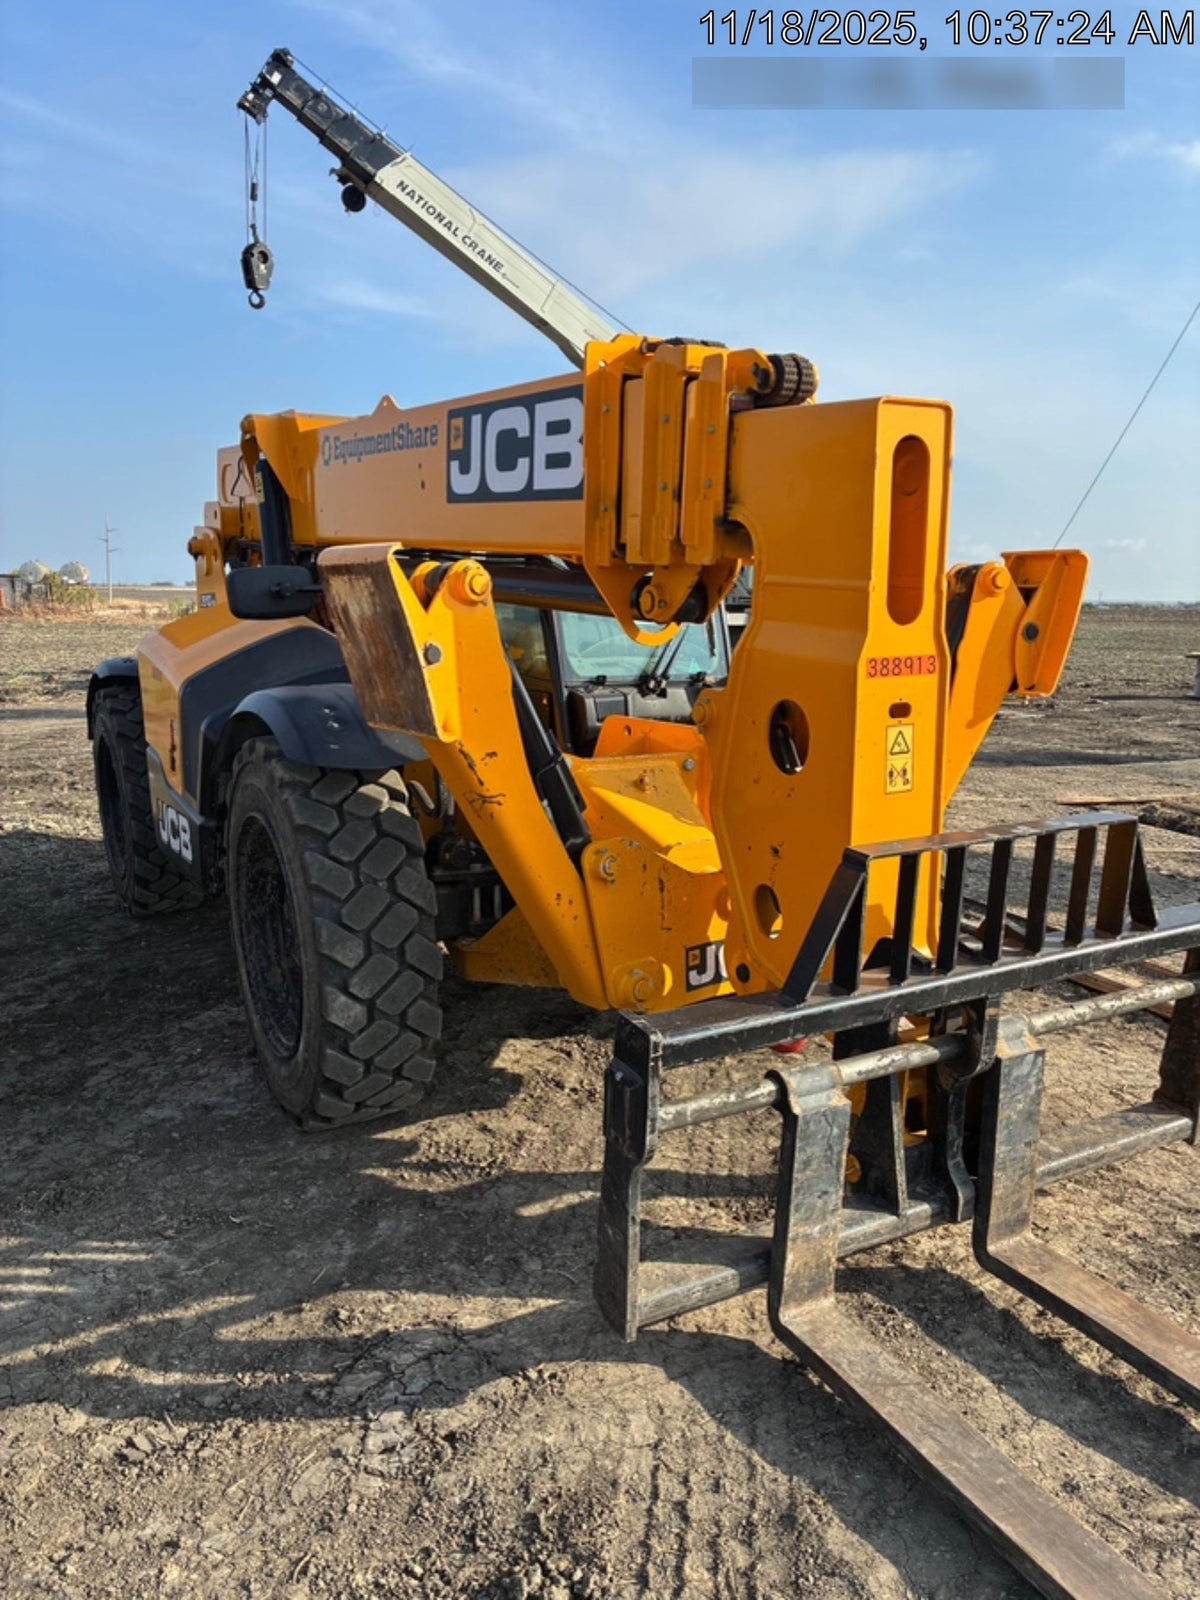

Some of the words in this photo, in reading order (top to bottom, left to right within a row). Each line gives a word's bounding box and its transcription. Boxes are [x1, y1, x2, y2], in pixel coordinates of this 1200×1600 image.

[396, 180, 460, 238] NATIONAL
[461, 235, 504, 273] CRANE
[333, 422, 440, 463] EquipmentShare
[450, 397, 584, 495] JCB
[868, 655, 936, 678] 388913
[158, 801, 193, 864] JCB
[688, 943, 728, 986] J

· · ·

* **WORK ITEM**
The whole listing above is to be printed exactly; the pictures stay out.

* **RESULT**
Some of the words in this photo, in reading order (top to bottom, left to right within a row). Each line gives a word's bounding box and its transcription. Boxes are [x1, y1, x2, y2], in pixel coordinates of this 1200×1600 image.

[396, 180, 460, 238] NATIONAL
[461, 235, 504, 273] CRANE
[333, 422, 440, 463] EquipmentShare
[450, 397, 584, 495] JCB
[868, 655, 936, 678] 388913
[158, 801, 193, 864] JCB
[688, 943, 728, 986] J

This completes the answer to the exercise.